Firstly, on the driver front, NVIDIA recently released the Linux 465.31 driver as part of their "New Feature Branch". It's a small release adding in support for the GeForce RTX 3050 Ti Laptop GPU and the GeForce RTX 3050 Laptop GPU, plus a bug fix that "could cause AddressSanitizer to report a heap-buffer-overflow during initialization of the OpenGL and Vulkan libraries".

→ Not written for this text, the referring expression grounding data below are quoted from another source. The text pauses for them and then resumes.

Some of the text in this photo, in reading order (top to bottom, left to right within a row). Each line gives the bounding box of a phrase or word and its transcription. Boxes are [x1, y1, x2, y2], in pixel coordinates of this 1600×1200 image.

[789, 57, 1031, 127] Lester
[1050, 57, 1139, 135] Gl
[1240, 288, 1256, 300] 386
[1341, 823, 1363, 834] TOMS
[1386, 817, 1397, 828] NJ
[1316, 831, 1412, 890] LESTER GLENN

Onto something bigger: NVIDIA are trying to get "GeForce Cards into the Hands of Gamers". How? Well, they announced a reduced hash rate for newly manufactured GeForce RTX 3080, 3070 and 3060 Ti graphics cards to make them "less desirable to miners". This is somewhat similar to what they did when they announced the RTX 3060. These new cards will start shipping in May, with the reduced ETH hash rate and they will be clearly labelled as either "Lite Hash Rate" or "LHR" and listed on the boxes and will not apply to cards already purchased.

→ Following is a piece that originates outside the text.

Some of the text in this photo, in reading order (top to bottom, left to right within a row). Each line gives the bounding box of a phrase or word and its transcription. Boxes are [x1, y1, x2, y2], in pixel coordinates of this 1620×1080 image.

What do you think to this move to reduce Ethereum mining on GeForce cards? Let us know in the comments!

In a bit of open source news, NVIDIA recently upgraded their NVIDIA DesignWorks Samples to do some cleaning up work, along with a relicensing from BSD-3 to Apache 2.0. These samples include work developers can use for Ray Tracing with Vulkan, OpenGL shader-based occlusion culling, order-independent transparency in Vulkan and lots more.

Article taken from GamingOnLinux.com.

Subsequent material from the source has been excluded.